▶ [Task]:
Start at the line containing "this 1280×1707 image." and transcribe every line exactly through the end of the records below, and only those lines.

▶ [Input]:
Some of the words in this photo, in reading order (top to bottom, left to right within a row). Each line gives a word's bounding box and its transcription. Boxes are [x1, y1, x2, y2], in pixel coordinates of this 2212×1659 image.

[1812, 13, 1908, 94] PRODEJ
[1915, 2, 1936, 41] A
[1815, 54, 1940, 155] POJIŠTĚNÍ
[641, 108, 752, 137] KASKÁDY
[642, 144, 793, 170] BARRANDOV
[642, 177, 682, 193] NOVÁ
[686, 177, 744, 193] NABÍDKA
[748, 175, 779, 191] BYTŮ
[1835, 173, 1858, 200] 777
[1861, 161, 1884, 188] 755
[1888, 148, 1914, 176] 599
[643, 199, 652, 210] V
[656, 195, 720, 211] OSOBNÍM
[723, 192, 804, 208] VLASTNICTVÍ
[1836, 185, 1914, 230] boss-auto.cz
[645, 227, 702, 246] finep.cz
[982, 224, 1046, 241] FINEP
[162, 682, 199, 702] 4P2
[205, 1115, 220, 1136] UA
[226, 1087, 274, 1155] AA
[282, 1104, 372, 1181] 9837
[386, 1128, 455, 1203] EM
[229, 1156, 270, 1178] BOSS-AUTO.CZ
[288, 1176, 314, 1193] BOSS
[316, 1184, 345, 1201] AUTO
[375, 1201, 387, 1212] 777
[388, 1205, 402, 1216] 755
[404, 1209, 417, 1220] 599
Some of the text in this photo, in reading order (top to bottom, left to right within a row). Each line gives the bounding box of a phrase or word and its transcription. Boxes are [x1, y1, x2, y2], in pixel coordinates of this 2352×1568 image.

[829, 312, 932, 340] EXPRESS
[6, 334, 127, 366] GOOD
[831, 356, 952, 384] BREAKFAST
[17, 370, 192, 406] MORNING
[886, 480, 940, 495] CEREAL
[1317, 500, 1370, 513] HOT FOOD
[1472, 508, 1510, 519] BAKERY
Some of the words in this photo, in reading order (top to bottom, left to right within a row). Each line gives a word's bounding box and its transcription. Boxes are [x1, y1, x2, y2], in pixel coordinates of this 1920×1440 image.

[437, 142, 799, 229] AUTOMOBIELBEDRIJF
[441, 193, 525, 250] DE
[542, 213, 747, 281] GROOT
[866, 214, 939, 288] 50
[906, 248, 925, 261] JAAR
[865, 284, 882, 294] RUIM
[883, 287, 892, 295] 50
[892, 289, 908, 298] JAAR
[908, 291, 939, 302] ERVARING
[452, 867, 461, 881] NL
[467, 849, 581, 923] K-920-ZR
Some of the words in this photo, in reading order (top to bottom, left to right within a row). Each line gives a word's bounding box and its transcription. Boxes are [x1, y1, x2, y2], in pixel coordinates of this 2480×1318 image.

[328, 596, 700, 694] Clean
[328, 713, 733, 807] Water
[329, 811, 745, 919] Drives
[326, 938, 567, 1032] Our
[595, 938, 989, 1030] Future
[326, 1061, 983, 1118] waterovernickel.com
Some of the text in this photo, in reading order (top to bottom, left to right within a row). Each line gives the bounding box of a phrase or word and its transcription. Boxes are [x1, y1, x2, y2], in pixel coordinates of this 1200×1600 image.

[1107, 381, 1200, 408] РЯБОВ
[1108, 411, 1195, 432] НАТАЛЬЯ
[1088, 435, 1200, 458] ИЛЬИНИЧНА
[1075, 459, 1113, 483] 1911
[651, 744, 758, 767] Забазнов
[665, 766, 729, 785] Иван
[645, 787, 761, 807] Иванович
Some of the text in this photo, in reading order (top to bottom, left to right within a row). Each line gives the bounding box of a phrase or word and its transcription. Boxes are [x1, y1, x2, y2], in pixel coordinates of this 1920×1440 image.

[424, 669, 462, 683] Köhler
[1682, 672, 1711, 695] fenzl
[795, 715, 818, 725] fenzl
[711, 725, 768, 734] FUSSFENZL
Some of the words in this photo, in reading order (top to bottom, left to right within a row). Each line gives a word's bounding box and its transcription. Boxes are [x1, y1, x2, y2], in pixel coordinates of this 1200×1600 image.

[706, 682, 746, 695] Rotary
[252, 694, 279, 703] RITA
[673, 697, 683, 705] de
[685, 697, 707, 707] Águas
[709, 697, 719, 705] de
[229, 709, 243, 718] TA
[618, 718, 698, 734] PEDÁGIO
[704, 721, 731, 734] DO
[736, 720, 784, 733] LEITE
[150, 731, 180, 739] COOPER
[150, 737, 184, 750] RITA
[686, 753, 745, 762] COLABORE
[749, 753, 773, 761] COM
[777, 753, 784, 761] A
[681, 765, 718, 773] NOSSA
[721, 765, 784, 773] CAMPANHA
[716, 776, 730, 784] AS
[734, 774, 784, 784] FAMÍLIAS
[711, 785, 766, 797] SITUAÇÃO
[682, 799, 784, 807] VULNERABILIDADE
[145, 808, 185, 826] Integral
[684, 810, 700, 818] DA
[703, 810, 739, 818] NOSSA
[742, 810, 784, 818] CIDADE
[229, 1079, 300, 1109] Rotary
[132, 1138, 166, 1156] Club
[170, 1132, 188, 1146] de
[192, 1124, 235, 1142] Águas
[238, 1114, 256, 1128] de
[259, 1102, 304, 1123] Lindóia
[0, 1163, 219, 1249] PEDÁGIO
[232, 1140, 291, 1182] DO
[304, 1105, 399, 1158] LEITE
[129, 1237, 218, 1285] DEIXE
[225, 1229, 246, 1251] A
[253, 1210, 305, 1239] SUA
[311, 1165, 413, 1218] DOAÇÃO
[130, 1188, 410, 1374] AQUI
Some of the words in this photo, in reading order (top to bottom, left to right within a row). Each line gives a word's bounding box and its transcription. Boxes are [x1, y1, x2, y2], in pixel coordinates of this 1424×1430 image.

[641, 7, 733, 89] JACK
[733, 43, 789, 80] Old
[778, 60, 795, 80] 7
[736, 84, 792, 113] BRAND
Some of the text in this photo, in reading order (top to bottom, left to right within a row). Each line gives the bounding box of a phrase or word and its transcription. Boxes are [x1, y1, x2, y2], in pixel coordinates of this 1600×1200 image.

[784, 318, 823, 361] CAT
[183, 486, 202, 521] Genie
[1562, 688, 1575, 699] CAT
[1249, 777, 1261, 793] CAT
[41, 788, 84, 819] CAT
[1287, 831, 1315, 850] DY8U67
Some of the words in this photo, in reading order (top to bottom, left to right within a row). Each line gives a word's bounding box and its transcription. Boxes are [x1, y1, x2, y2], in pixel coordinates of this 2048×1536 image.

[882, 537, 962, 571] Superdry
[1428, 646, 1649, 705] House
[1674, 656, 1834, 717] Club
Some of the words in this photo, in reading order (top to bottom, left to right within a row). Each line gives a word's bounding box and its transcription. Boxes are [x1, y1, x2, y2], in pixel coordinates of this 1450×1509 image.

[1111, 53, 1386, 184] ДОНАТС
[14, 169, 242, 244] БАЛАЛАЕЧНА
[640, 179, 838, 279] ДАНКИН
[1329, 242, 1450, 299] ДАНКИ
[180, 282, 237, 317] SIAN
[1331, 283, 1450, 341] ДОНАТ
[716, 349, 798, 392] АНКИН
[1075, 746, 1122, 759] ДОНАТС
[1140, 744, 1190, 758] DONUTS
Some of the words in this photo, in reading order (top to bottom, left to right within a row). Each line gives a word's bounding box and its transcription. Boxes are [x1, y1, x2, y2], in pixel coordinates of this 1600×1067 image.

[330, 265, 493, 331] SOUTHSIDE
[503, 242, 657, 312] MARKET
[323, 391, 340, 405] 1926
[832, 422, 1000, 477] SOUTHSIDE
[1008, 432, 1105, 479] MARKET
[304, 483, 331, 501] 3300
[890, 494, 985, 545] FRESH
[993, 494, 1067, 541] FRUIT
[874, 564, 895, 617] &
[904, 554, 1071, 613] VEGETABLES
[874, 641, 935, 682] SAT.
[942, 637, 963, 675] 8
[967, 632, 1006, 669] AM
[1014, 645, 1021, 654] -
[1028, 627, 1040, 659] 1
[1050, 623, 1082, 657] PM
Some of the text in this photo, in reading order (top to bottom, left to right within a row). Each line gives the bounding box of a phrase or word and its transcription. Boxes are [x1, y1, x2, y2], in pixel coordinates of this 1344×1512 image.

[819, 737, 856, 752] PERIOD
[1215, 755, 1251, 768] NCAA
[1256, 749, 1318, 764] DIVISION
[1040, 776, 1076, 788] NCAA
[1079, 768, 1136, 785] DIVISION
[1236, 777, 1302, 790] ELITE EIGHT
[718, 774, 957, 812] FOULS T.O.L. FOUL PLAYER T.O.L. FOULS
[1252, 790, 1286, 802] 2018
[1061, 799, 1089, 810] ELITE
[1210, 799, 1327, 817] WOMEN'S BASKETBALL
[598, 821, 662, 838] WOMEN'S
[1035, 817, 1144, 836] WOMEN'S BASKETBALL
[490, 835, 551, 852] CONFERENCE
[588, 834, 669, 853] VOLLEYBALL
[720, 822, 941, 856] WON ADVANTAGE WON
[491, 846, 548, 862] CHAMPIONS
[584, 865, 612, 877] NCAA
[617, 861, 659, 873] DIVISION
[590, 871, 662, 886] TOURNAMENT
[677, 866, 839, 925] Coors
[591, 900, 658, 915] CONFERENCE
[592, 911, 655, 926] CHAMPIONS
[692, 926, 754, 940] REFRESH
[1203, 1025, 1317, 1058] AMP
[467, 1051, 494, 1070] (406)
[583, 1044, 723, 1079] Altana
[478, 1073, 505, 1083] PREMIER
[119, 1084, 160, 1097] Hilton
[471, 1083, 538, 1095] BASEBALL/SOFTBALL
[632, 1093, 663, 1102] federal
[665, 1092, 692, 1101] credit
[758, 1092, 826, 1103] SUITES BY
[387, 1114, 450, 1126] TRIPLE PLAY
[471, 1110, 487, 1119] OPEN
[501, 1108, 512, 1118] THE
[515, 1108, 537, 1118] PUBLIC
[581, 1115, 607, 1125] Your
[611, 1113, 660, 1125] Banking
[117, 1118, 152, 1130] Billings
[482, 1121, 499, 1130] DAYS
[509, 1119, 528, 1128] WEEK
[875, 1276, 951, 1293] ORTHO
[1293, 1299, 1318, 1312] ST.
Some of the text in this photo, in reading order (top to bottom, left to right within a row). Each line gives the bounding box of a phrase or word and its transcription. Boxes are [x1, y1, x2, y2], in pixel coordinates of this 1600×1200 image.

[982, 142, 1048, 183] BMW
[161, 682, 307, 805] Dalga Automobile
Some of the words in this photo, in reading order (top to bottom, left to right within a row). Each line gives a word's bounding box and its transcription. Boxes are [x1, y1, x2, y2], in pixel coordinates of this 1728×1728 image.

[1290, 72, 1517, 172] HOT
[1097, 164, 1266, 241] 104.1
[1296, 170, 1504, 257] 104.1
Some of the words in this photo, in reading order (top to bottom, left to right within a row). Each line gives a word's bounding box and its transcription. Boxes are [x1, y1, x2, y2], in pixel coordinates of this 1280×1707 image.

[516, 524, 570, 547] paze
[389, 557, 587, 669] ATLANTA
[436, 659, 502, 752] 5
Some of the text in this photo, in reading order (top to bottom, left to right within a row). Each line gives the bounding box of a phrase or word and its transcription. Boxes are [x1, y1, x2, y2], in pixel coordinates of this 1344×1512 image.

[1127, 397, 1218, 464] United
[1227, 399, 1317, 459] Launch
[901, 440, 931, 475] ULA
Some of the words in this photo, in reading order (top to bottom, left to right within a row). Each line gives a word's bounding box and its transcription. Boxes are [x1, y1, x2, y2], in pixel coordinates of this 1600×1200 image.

▶ [Response box]:
Some of the words in this photo, in reading order (top to bottom, left to right within a row). Each line gives a word's bounding box and its transcription. Boxes are [x1, y1, x2, y2], in pixel coordinates of this 1280×1707 image.

[516, 524, 570, 547] paze
[389, 557, 587, 669] ATLANTA
[436, 659, 502, 752] 5
Some of the text in this photo, in reading order (top to bottom, left to right within a row). Each line gives the bounding box of a phrase or word and its transcription. Boxes are [x1, y1, x2, y2], in pixel coordinates of this 1344×1512 image.

[1127, 397, 1218, 464] United
[1227, 399, 1317, 459] Launch
[901, 440, 931, 475] ULA
Some of the words in this photo, in reading order (top to bottom, left to right within a row). Each line gives a word's bounding box and its transcription. Boxes are [x1, y1, x2, y2], in pixel coordinates of this 1600×1200 image.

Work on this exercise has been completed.